This audio was created using Microsoft Azure Speech Services
Energy is the blood of modern civilization. It pulses under streets and through walls, keeping our lights on, preserving our food, and turning our plastic objects into digital devices. But reliable access to energy — and with it, access to modernity — remains a distant dream for about 685 million people globally.
It’s essential that this changes. Consistent energy is a precondition for industrial, infrastructural, and agricultural progress. It’s in everybody’s interest for developing regions to electrify, modernize, and participate in the global society.
Unfortunately, many without energy also suffer from a lack of clean cooking solutions. This is a huge problem that affects 2.1 billion people — over a quarter of the world’s population. It’s also a killer: traditional wood or charcoal stoves create pollution inside the house, claiming 3.2 million lives every year, according to the World Health Organization. On a broader level, it also worsens gender disparity, deforestation, and environmental harm.
Lights in dark places
Access to Energy is Schneider Electric’s program for providing clean, reliable energy around the world, an expression of our belief that access to energy is a basic human right. It forms one of three pillars in our Access to the Future imperative, designed to protect communities against the effects of climate change.
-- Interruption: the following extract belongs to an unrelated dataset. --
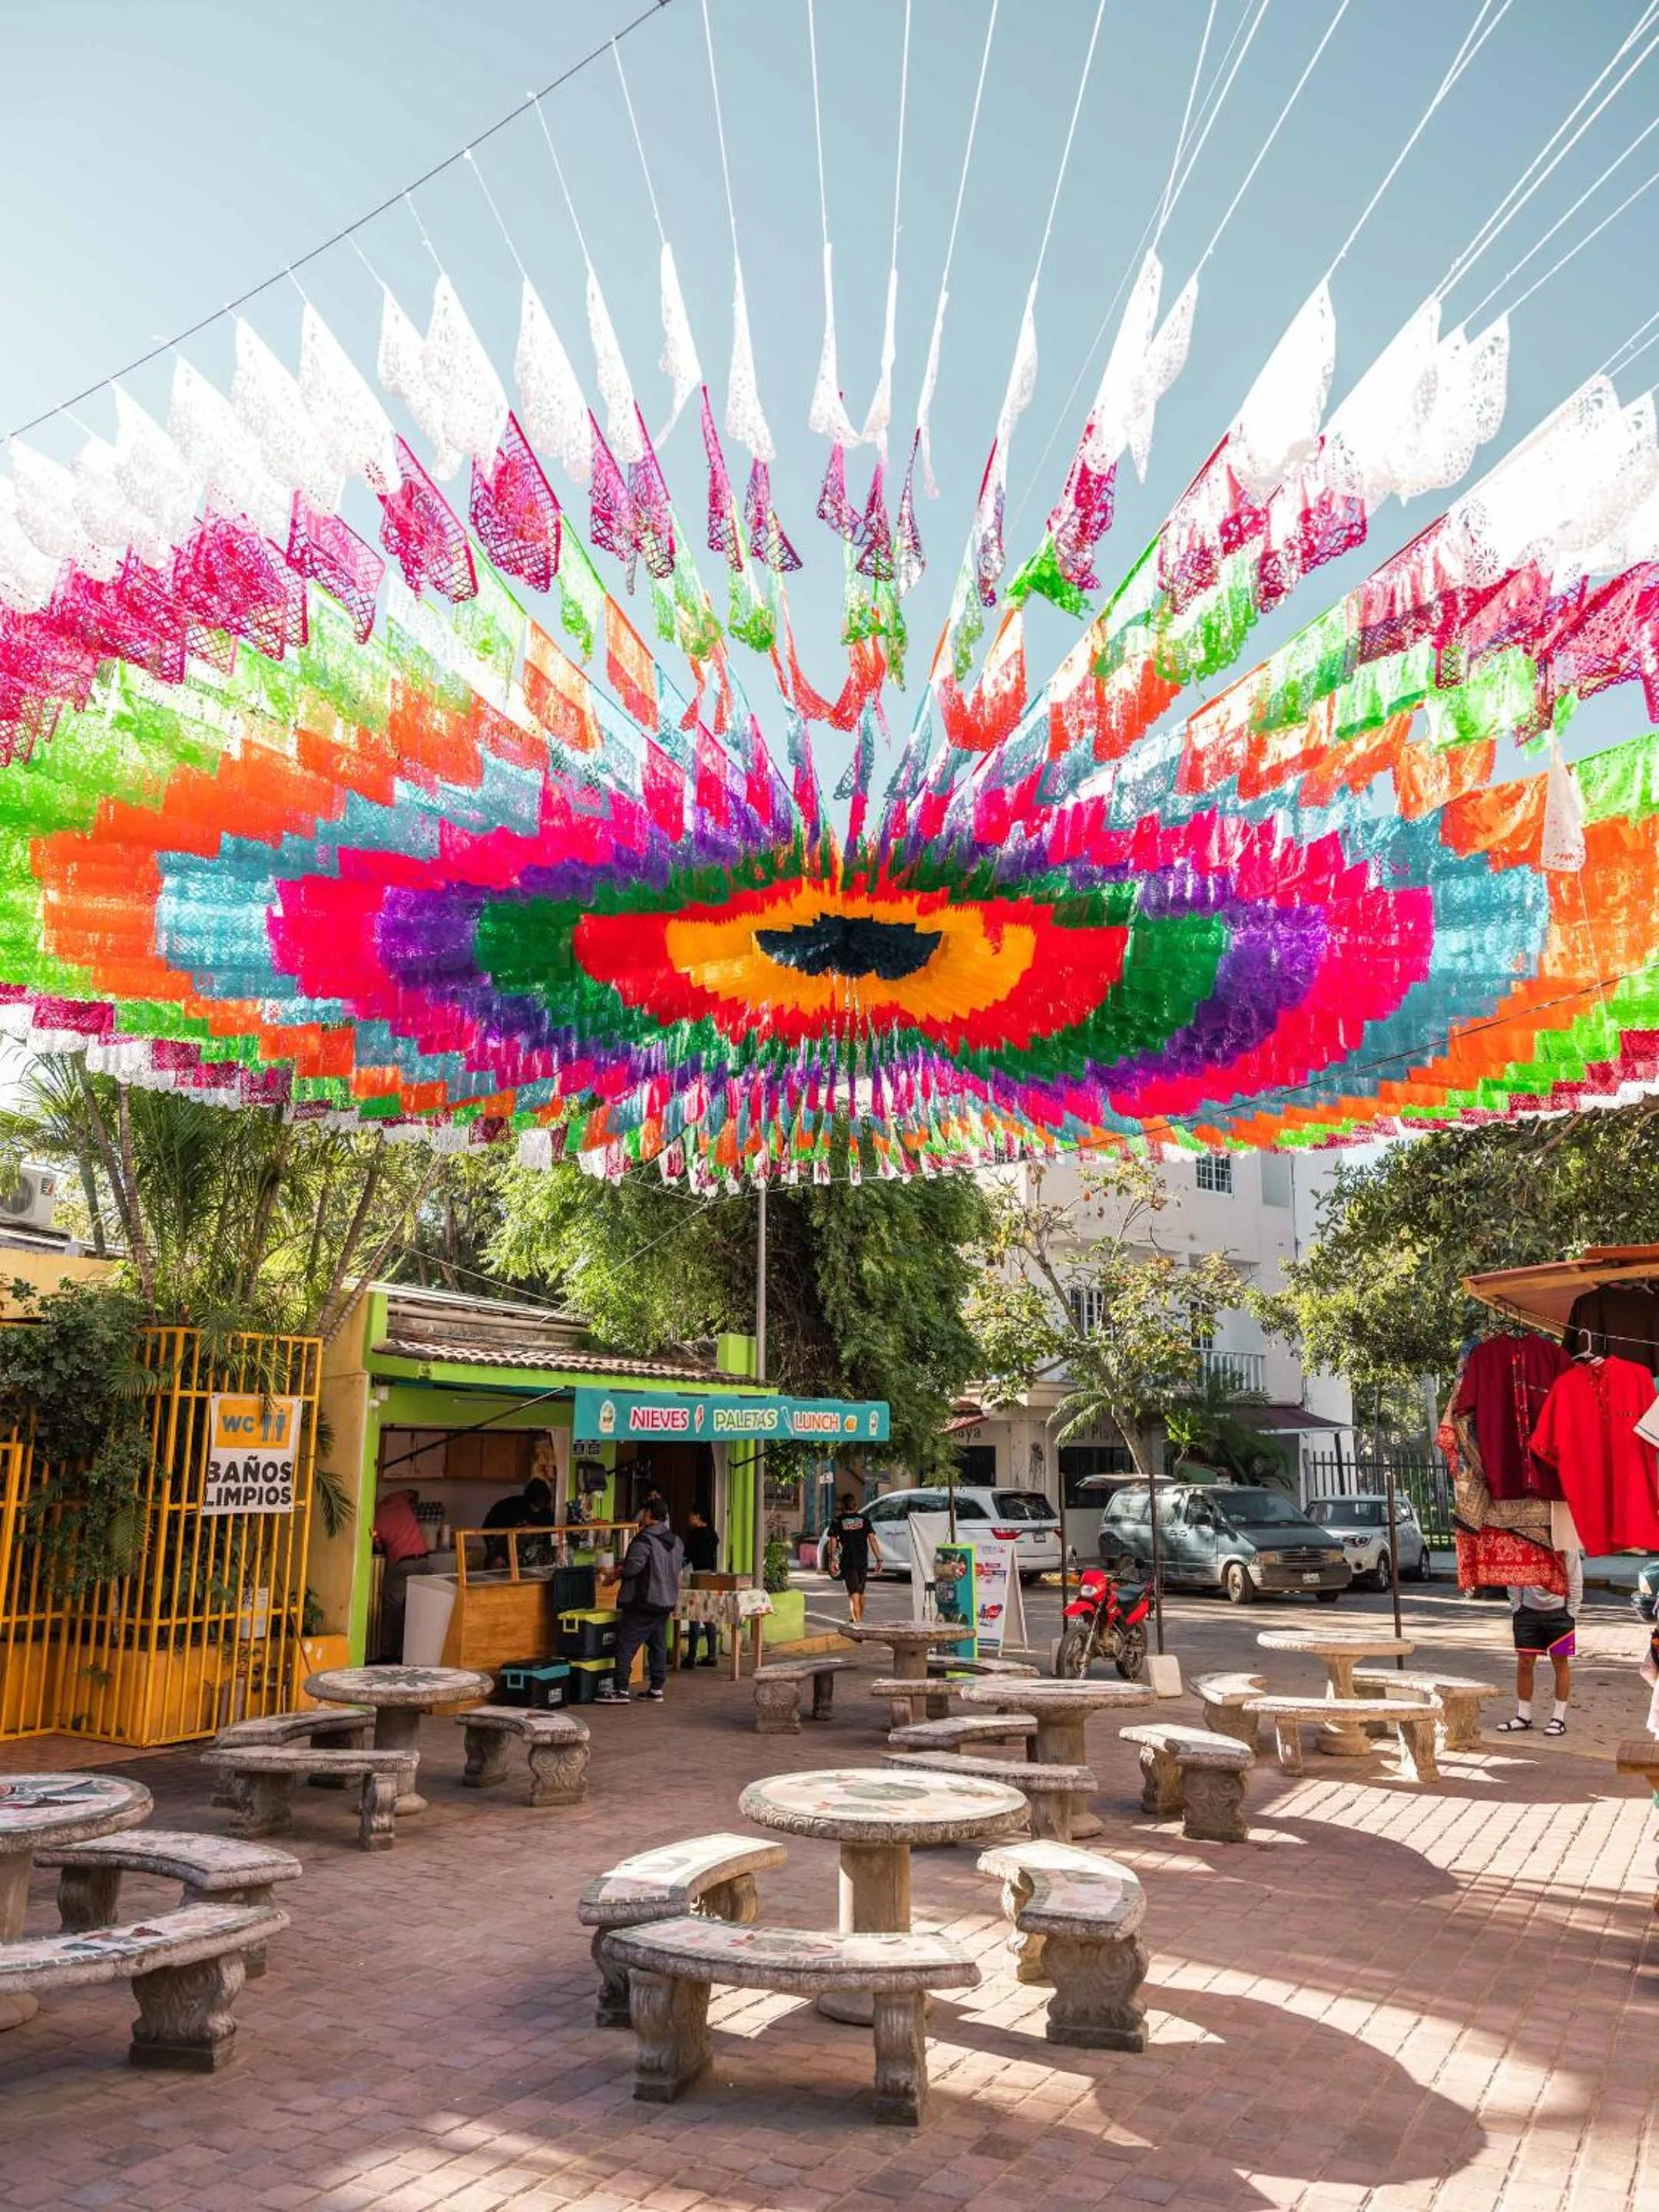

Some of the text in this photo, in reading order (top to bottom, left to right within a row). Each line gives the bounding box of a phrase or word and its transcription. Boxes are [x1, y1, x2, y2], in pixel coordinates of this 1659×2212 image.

[221, 1416, 255, 1433] WC
[631, 1409, 839, 1431] NIEVES PALETAS LUNCH
[207, 1455, 292, 1483] BAÑOS
But Access to Energy isn’t a charity or social responsibility program. Instead, it’s a 360-degree business enterprise — one that narrows the energy gap by providing energy, affordable technology, and expertise to underprivileged areas.
Depending on the country and goal, we partner with various organizations and NGOs on the ground, choosing those with similar visions, and whose operational footprint can complement us.
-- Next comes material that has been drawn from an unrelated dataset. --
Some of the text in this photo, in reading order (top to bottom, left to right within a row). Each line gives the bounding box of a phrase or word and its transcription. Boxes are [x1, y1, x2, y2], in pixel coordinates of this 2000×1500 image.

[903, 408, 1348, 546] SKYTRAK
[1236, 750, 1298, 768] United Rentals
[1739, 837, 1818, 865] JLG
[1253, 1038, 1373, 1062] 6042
The manifold benefits of access to energy
Energy isn’t an isolated benefit, but the lever to lift entire communities. It unlocks digital technologies that drive economic growth, wellbeing, education, and general prosperity. If this energy is clean and renewable, communities benefit even more — as does the planet.
In Meghalaya, India, we collaborated with NGO Selco Foundation and Envo Renewables Energy Services, a local engineering partner. Together, we provided access to both reliable electricity and essential health care for rural communities, impacting around 700,000 people in more than 200 health centers.
Or look at Akwa Ibom and Calabar in Nigeria, where we sourced local labor to rig solar panels for a hospital, and installed a smart system to manage the power supply. Here, reliable energy literally makes the difference between life and death. To realize this project, we worked with local partners and the Economic Community of West African States.
Our projects make generous use of Schneider Electric’s software and hardware. Depending on the situation, we can distribute solar lamps, solar home systems, water pumping systems, or microgrids — covering a huge spectrum of energy and environmental needs.
Broad and detailed social impact
Crucially, we don’t just deliver the technology; we also train the local community to use it. Our Clean Entrepreneurs program, for example, provides vocational training for electricians, as well as building entrepreneurial skills. In areas with limited education, these professional skills can prove life-changing. By raising the next generation of leaders and experts, we support the future of these communities too.
All this adds another layer to “sustainability.” While the word is often defined as meeting the needs of the present without compromising the future, our Access to Energy initiatives impart another meaning: they foster a community that can, quite literally, sustain itself.
And then there’s social impact investing. Through various investment vehicles, we fund companies that are well-positioned to advance local sustainability goals. One example is ATEC, who provides sustainable, affordable, and modern Pay-As-You-Go cooking products, mainly for low-income households. Currently distributing in 10 countries across Asia and Africa, their objective is to generate 10 Gigawatt Hours of decarbonised cooking per day in households across the Global South within the next decade, and reduce up to 10 million tons of carbon emissions annually.
Progress. For all.
Since Access to Energy launched in 2009, it has given energy access to over 49 million people. And we won’t stop there: our goal is energy access for 50 million people by 2025, alongside training and support. These targets are embedded in our sustainability strategy, committing us to make a deep and lasting impact on communities everywhere, in line with the UN’s Sustainable Development Goals.
This is all in the name of a fair and inclusive energy transition. Because that term often summons images like wind farms, or cityscapes that twinkle with new technology. But the energy transition should be universal. It must bring along everyone – from Silicon Valley corporates, city planners in Hong Kong, to the villages of Africa, Latin America, and India.
That’s the philosophy that powers Access to Energy, Access to the Future, and Schneider Electric as a whole.